Vigeneres are potentially crackable, but they are very hard.
Unless your text is very short or your key very long, they are much easier than you apparently think. I have written programs that do a pretty good job of it.
(As MrMind says, if your key is as long as your text then this is a one-time pad, which indeed is uncrackable provided you have a reliable channel for sharing the one-time pad and don’t make operational mistakes like reusing the key. But that’s not a very common situation.)

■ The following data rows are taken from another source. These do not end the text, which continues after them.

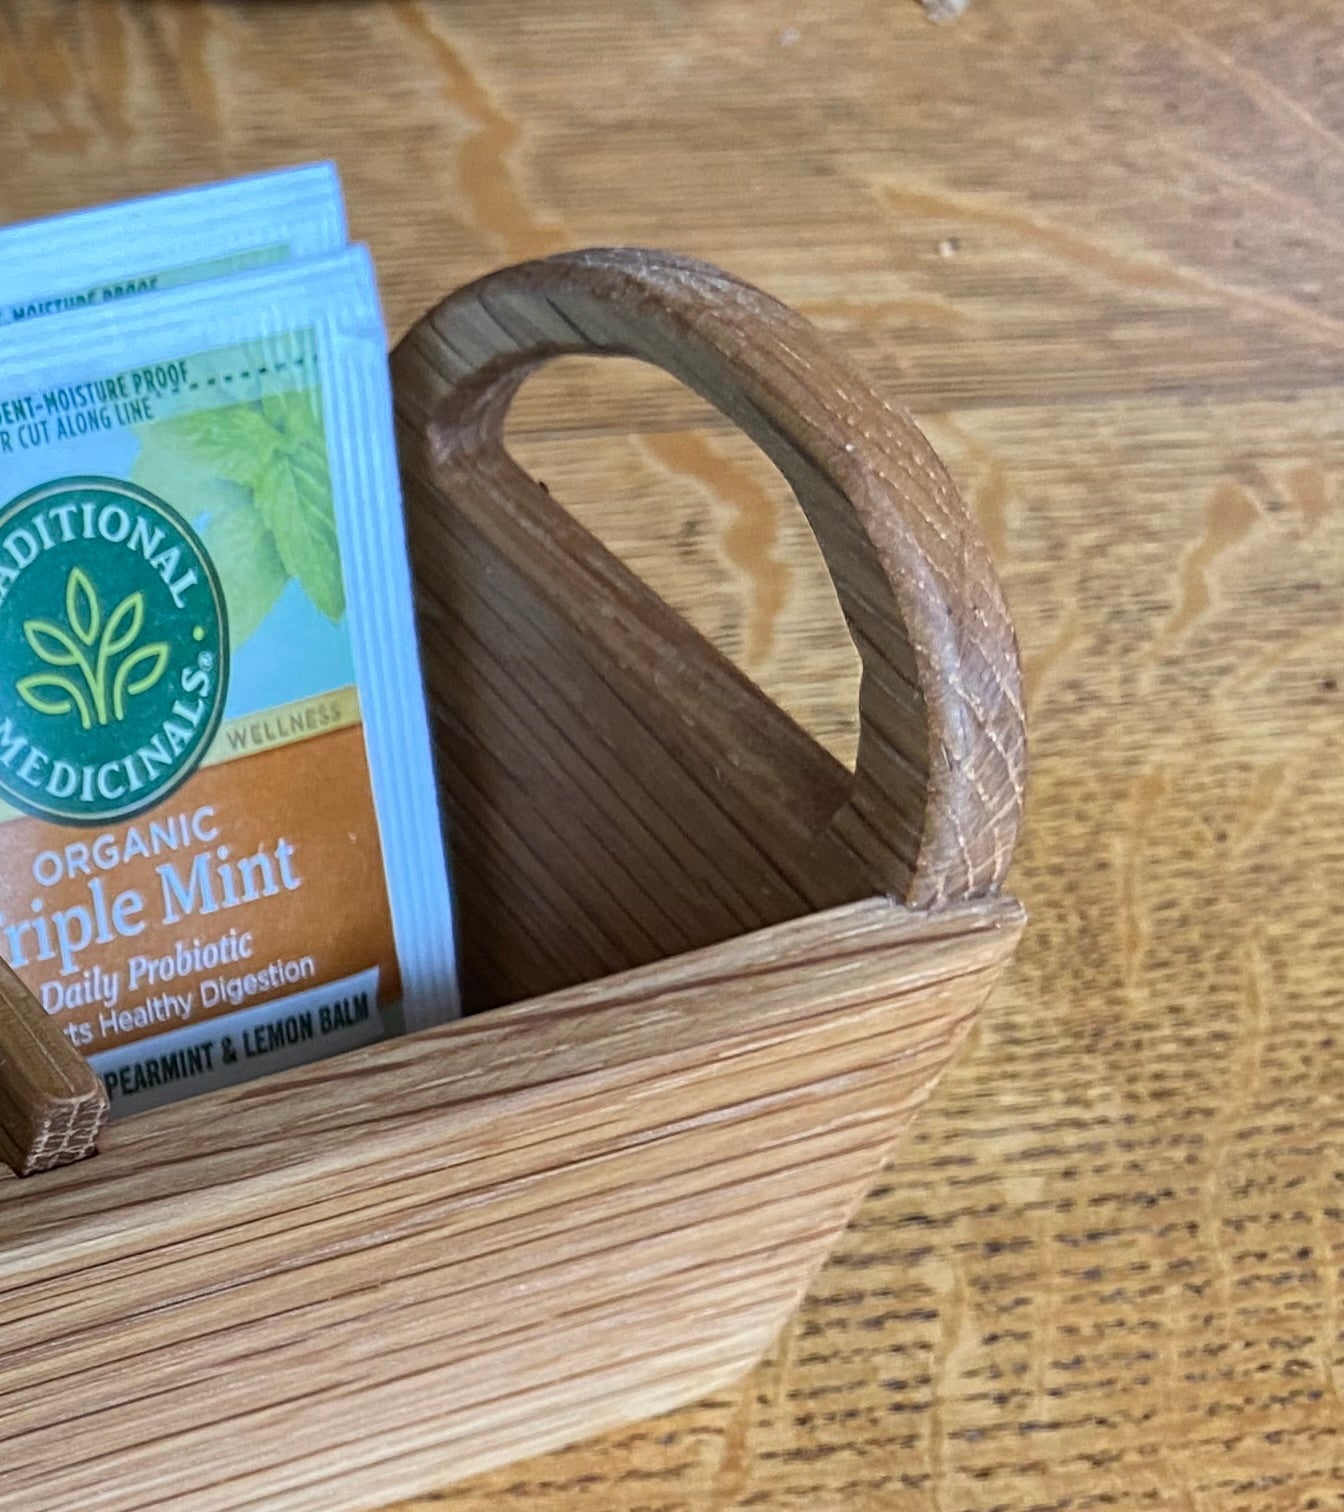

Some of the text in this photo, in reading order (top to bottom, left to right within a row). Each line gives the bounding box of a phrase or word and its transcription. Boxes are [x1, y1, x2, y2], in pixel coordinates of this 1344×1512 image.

[132, 359, 190, 393] PROOF
[17, 422, 52, 450] CUT
[56, 409, 113, 444] ALONG
[117, 397, 155, 427] LINE
[227, 703, 342, 751] WELLNESS
[32, 805, 221, 887] ORGANIC
[155, 837, 303, 927] Mint
[39, 927, 253, 1016] Daily Probiotic
[99, 990, 193, 1037] Healthy
[201, 955, 316, 1010] Digestion
[102, 991, 369, 1098] PEARMINT & LEMON BALM

I finally did get round to taking a look at this, and it isn’t yielding to the usual methods. In fact, it’s sufficiently unyielding that I am wondering whether it’s really the result of Vigenere-ciphering something that resembles ordinary English text with a key of reasonable length. I find the following:
The text is 146 characters long. I would expect that, with “ordinary” plaintext, to be enough to identify a key of at most about 7 characters without too much pain. I actually tried lengths up to 10.
For no key length k does the distribution of { (a-b) mod 26 : a,b are characters at the same position mod k } much resemble the distribution of differences mod 26 of randomly chosen letters with typical English letter frequencies.
For no key length k does the result of the following procedure produce something that looks as if most of the shifts are correct:
For each offset, count letter frequencies, and choose a shift that maximizes the sum of log(typical_prob) where typical_prob are those typical English letter frequencies again.
JRMayne, if you happen to be reading this and happen to have either a record or a memory of the message and how you encrypted it: can you confirm that (1) this really is the output of a Vigenere cipher, (2) the plaintext isn’t (statistically) outrageously unlike ordinary English, and (3) the key length is at most, let’s say, 10?
(If the key is much longer than that, there isn’t enough information for these simple methods to work with. Perhaps, e.g., doing a more expensive search and looking at digraph frequencies might be worth considering, but I’m too lazy.)
Gah. I don’t remember the solution or the key. And I just last week had a computer crash (replaced it), so, I’ve got lots of nothing. Sorry.
I am sure of (1) and (2). I don’t remember (3), and it’s very possible it’s longer than 10 (though probably not much longer.) But I don’t remember clearly. That’s the best I can do.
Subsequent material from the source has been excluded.